Стены комнаты удаляются, исчезают. Ничего не осталось: ни матери, ни Каролиса, ни длинной истории семьи. Только он, Саулюс, белый лист, карандаш и из мрака, из густых клубов тумана выплывающие знакомые и никогда не виданные лица, знакомые и никогда не встречавшиеся люди. Они начинают свою жизнь, потому что они — живая частица Саулюса, мучительная и напряженная.
Лист ложится на лист.
Саулюс сдерживает себя — не торопись, дай передых голове и руке. «Поспешил, не выносил, — слышит мудрые голоса, — работай, Саулюс, не обижайся за правду; ты можешь лучше, а кто может, с того и спрос больше». Ах, сколько он наслушался мудрых слов и с трибун, и в застолье! Сколько мудрости почерпнул из книг! Стало ли оттого легче, яснее? Наставников хватало. Вокруг Аугустаса Ругяниса по сей день толпятся начинающие. «Я общаюсь с молодежью, помогаю ей пробиться!» Вот так ты и меня хлопал по плечу, Аугустас, пока однажды не опомнился: не уйду ли слишком далеко? И ударил из-за угла дубиной по голове. Нет, с ног не сбил, хотя и хотел этого. Скрипи теперь зубами, бесись на весь мир, Аугустас Ругянис!
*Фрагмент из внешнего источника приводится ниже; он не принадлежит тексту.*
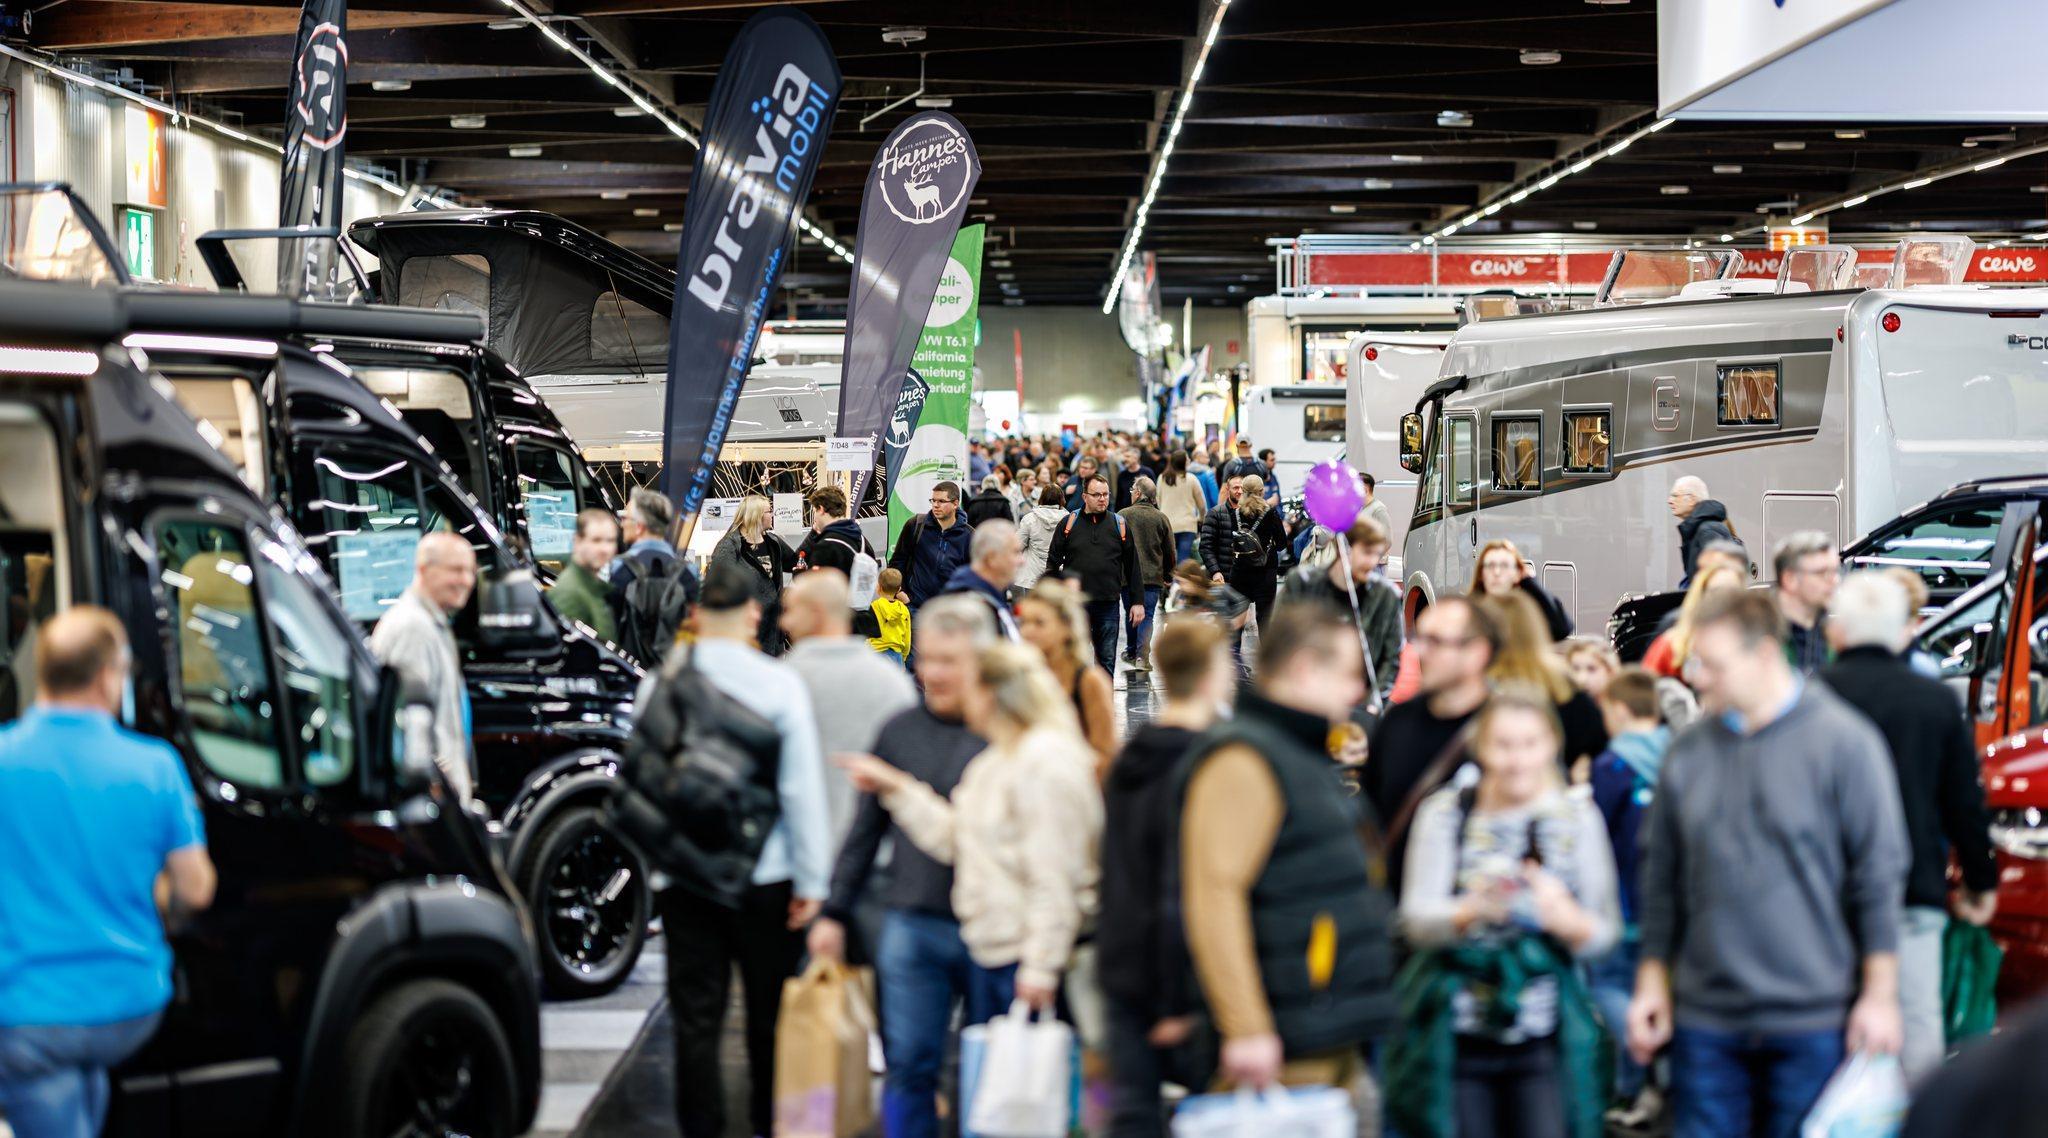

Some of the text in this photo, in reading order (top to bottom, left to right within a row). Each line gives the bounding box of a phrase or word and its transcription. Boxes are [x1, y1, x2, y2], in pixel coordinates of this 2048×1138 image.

[775, 80, 830, 193] mobil
[877, 136, 967, 180] Hannes
[910, 154, 958, 178] Camper
[687, 62, 811, 313] bravia
[1469, 257, 1528, 277] cewe
[1979, 256, 2037, 273] cewe
[939, 274, 962, 288] ali-
[749, 286, 768, 319] the
[923, 335, 967, 347] VW T6.1
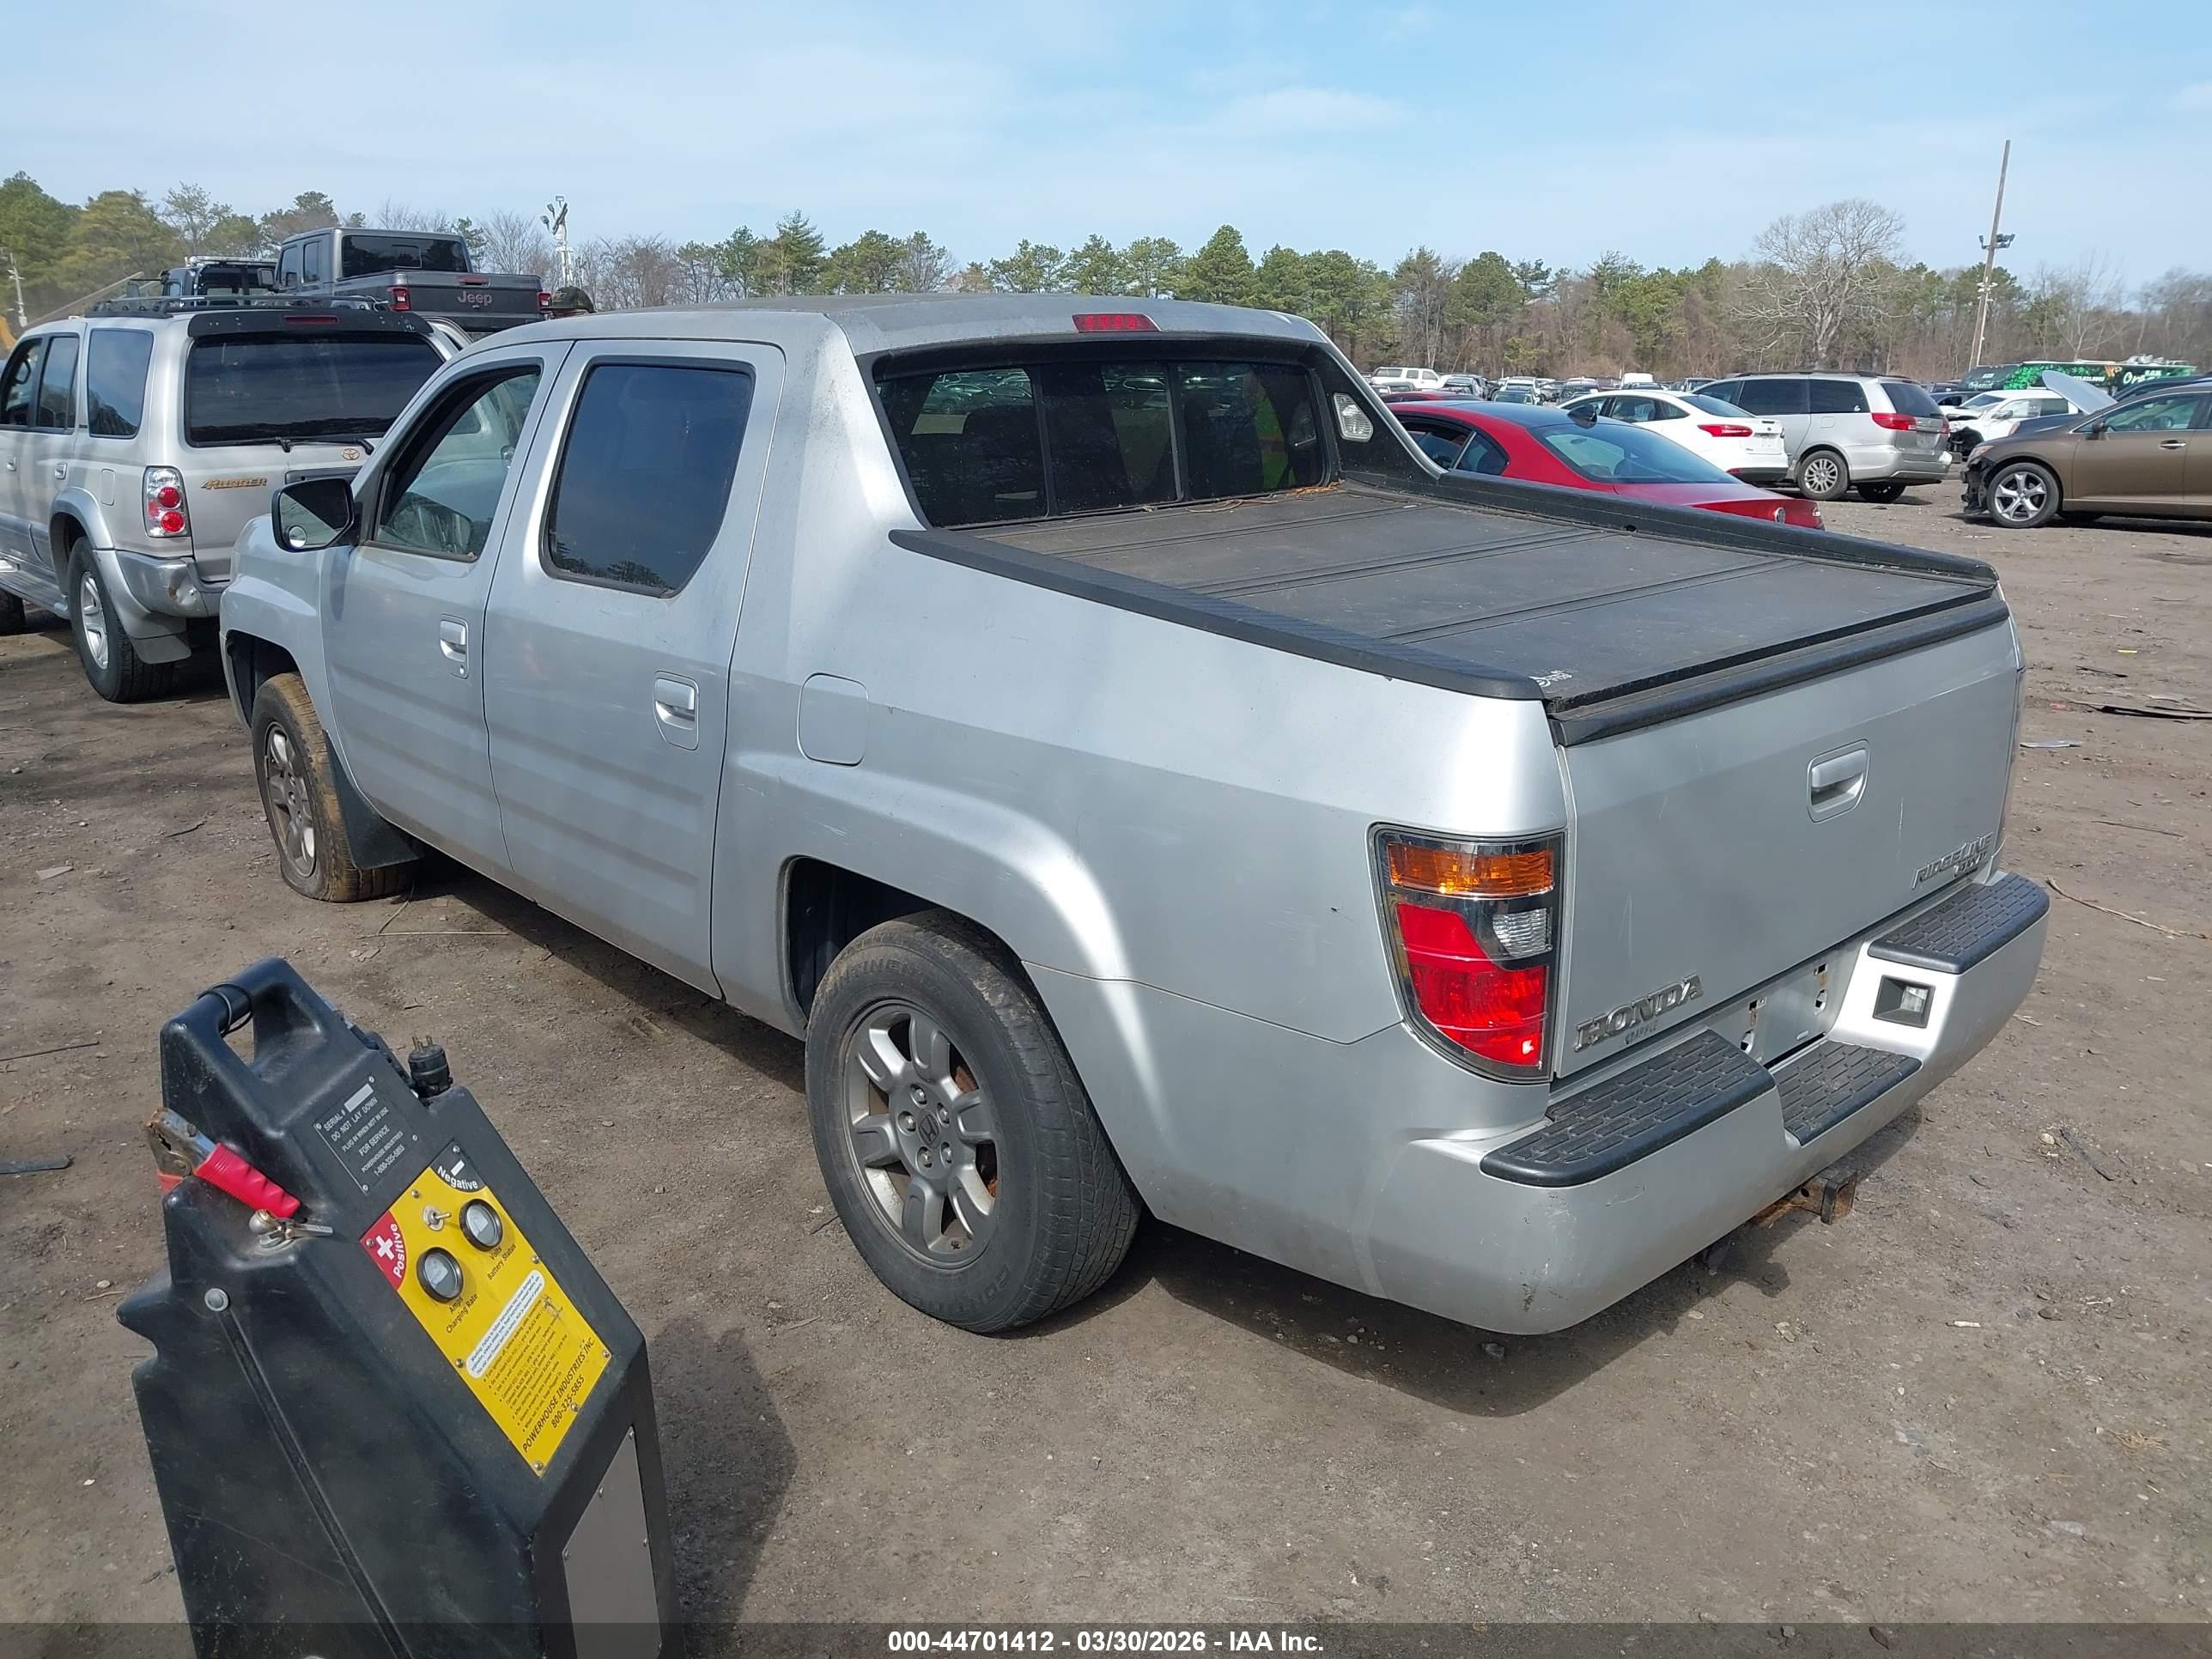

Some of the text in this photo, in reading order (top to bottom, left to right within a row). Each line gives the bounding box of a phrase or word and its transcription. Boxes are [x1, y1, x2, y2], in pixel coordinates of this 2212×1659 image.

— Глупости! — бухает кулаками по столу Саулюс, встряхивает головой, вскочив, со злостью шагает из угла в угол. — Глупости, глупости, глупости! — повторяет, стараясь отогнать эти мысли, но невольно вспоминает Альбертаса Бакиса и его сделку с председателем колхоза, думает о Вацловасе Йонелюнасе — такого человека свалило… Береги здоровье… Ах, чепуха, одна чепуха… Пока есть руки… «Левая ближе к сердцу» — прилетает от Пиренеев голос Мигеля Габеса. Саулюс на минутку застывает посреди комнаты, бросается к столу, хватает новый лист.